Furthermore, it is important to highlight that existing research in the field of mobile robotics often relies on high-end hardware, as depicted in Table 5. While this may enhance the effectiveness of simulations, its practical feasibility in mobile robotics with limited resources is questionable. Therefore, it is crucial to continue developing and optimizing algorithms like NRNH-AR, that not only exhibit superior performance, but are also practical and viable for implementation in mobile robotics.

Table 5 presents a consolidated comparison of selected DRL-based methods in mobile robotics to complement the narrative review provided in the Introduction. While similar points are discussed earlier, this table allows for clearer quantitative comparison across hardware and training configurations.

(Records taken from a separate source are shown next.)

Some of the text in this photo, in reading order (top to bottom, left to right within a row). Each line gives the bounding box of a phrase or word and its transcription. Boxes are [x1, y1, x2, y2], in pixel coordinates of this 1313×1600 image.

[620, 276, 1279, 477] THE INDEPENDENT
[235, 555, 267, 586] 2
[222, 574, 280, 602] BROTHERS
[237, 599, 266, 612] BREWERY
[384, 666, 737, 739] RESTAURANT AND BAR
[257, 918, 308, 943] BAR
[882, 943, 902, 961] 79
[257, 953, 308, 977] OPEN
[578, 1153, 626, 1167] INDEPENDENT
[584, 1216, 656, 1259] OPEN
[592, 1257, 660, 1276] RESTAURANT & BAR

Figure 11 illustrates the episode-wise rewards obtained by the standard deep reinforcement learning algorithms, DQN (yellow), TD3 (green), and DDPG (orange), compared to the DRL stage of the proposed NRNH-AR model (navy blue) across 210 training episodes in the environment shown in Figure 7a. It can be clearly observed that the NRNH-AR agent reaches high and stable reward values from the very beginning of the training process. This rapid convergence can be attributed to the previous self-supervised and unsupervised learning stages that provided the agent with structured, informative representations before reinforcement learning began.

In contrast, the baseline algorithms (DQN, TD3, DDPG) exhibit highly unstable learning dynamics in early episodes, with frequent oscillations and negative rewards. DDPG struggles significantly during the first 100 episodes, suggesting poor initial policy exploration. Although all three baseline algorithms eventually stabilize and improve their performance, they require substantially more episodes to reach comparable performance levels to NRNH-AR.

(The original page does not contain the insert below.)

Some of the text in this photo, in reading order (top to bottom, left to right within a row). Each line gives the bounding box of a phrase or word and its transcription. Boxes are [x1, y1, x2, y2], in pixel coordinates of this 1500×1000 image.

Figure 12 presents the performance of three reinforcement learning algorithms, TD3-m, DDPG-m, and NRNH-AR, which was trained in the environment shown in Figure 7a, after integrating SSL and USL as pre-training stages before DRL. This pre-training strategy was designed to improve sample efficiency and reduce the overall training time, enabling the agent to extract structural knowledge from the environment before reward-driven interaction began. It is worth mentioning that the DQN is not included in this evaluation, because it uses only two networks, whose structures are not compatible with the SSL and USL phases.

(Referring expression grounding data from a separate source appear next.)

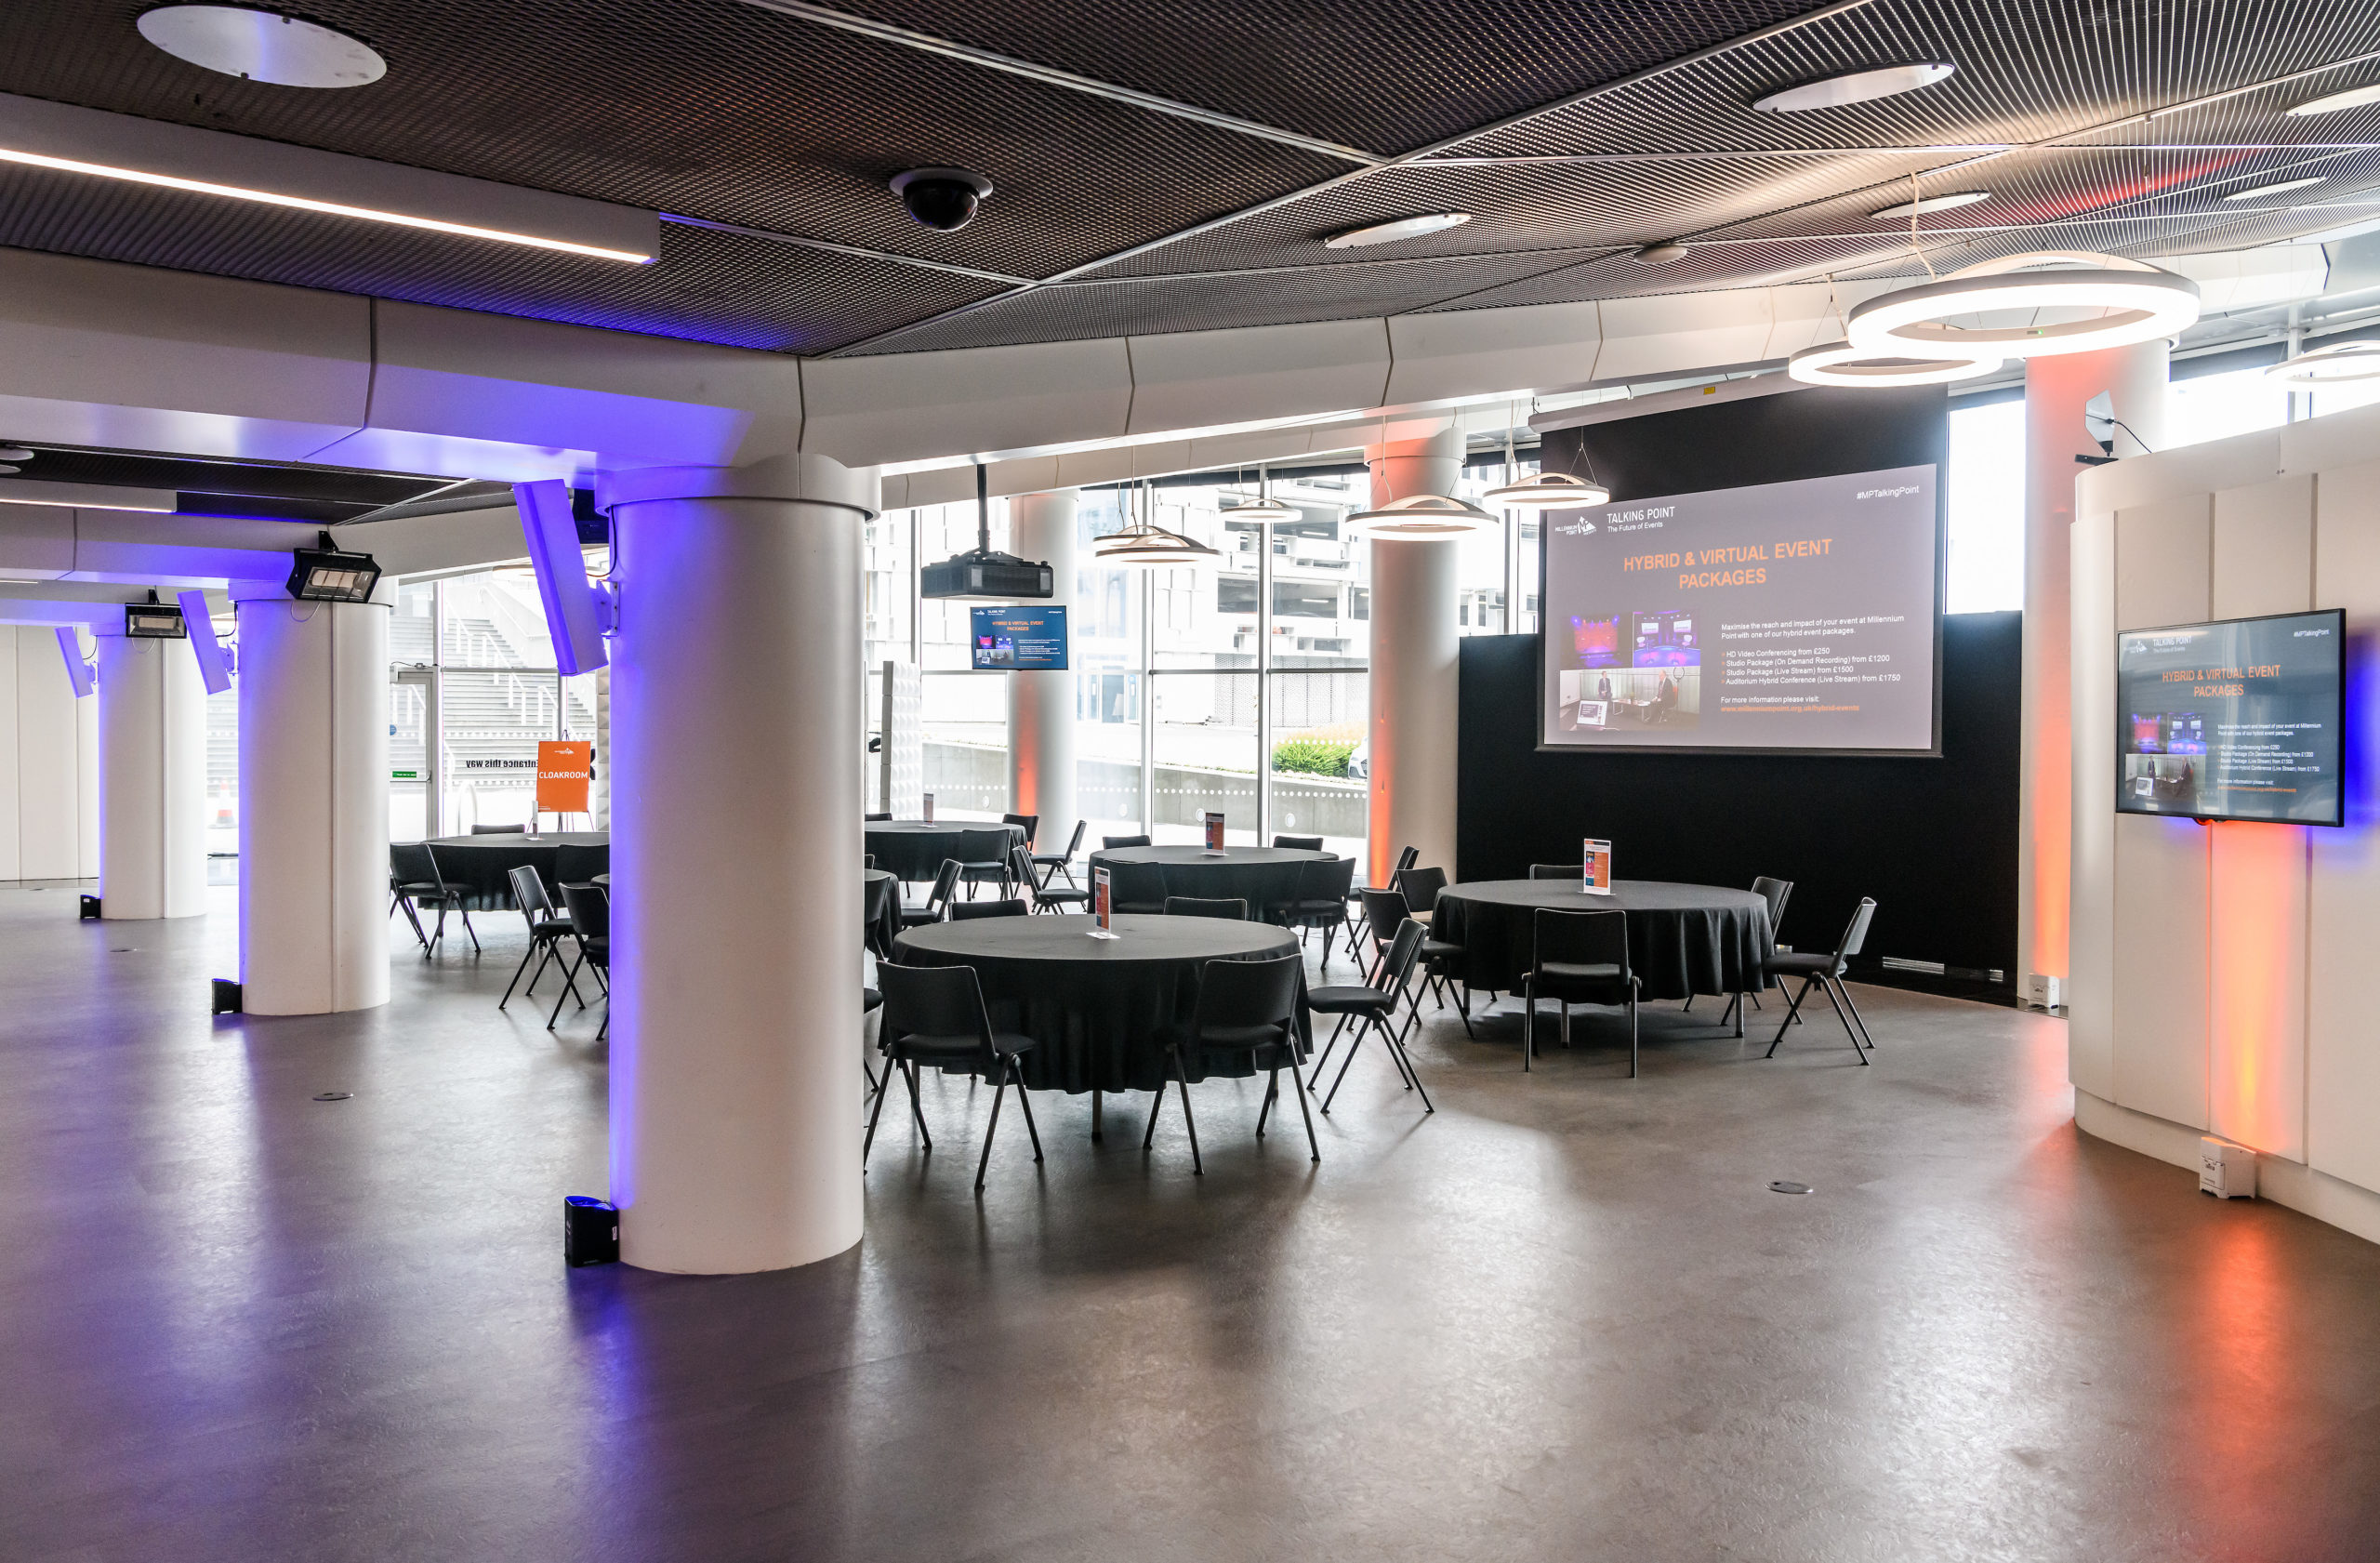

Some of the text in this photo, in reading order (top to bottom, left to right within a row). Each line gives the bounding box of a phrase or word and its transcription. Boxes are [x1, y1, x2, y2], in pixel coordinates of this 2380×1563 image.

[1857, 485, 1920, 499] #MPTalkingPoint
[1606, 506, 1675, 523] TALKING POINT
[1619, 523, 1636, 532] Future
[1645, 521, 1663, 529] Events
[1623, 538, 1832, 572] HYBRID & VIRTUAL EVENT
[1679, 567, 1766, 589] PACKAGES
[1793, 619, 1815, 628] impact
[1823, 618, 1837, 627] your
[1867, 615, 1905, 623] Millennium
[1783, 629, 1803, 638] hybrid
[1822, 627, 1856, 636] packages.
[1747, 658, 1773, 667] Package
[1775, 657, 1786, 666] (On
[1816, 656, 1851, 664] Recording)
[1747, 669, 1773, 677] Package
[1775, 668, 1790, 676] (Live
[1791, 667, 1816, 675] Stream)
[2162, 665, 2281, 682] HYBRID & VIRTUAL EVENT
[1759, 677, 1778, 685] Hybrid
[1780, 676, 1816, 684] Conference
[1818, 676, 1833, 684] (Live
[1834, 675, 1860, 683] Stream)
[1878, 673, 1901, 682] £1750
[2194, 683, 2244, 697] PACKAGES
[1783, 695, 1804, 704] please
[538, 771, 588, 779] CLOAKROOM

The impact of the SSL and USL phases is evident when comparing the behaviors of TD3-m and DDPG-m with their original versions, as shown in Figure 11. TD3-m and DDPG-m exhibit significantly smoother learning trajectories from the beginning of training, avoiding the prolonged periods of instability seen earlier. Overall, the results reinforce the importance of tri-fold learning, e.g., SSL and USL before applying DRL. The good performance of TD3-m indicates that the replacement of our DRL with TD3-m or other more efficient DRLs compatible with previous SSL and USL phases can be useful.

Table 6 shows that the proposed NRNH-AR method achieves the highest accuracy (97.62%) among all tested DRL algorithms in the physical robot environment. Compared to the standard versions of DQN (81.90%), DDPG (56.19%), and TD3 (68.57%), NRNH-AR outperforms them significantly, indicating better policy learning and generalization under real-world conditions.

Moreover, the modified versions DDPG-m and TD3-m, which were adapted for low-resource hardware and tuned to the test environment, achieve improved results (86.19% and 96.19%, respectively) over their original counterparts. However, even the best-performing baseline (TD3-m) remains slightly below the proposed method.

In dynamic environments, the proposed NRNH-AR algorithm achieved an accuracy of 86%. Baseline algorithms were not evaluated under dynamic conditions, as their low performance in static environments did not justify further testing. Additionally, comparing against modified versions (DDPG-m and TD3-m) would not be appropriate, since they incorporate the same pre-training methodology as NRNH-AR and do not represent the original algorithms.

Based on our observations, the performance of NRNH-AR exhibits diminishing returns beyond a certain amount of training data. For example, CNN 2 achieves adequate generalization when trained with approximately 623 samples, as indicated by a loss value under 1.0. Similarly, learning oscillation in the SSL and USL phases stabilizes after around 200–250 episodes. These empirical thresholds allow us to keep training time and memory usage low, in line with our focus on constrained hardware.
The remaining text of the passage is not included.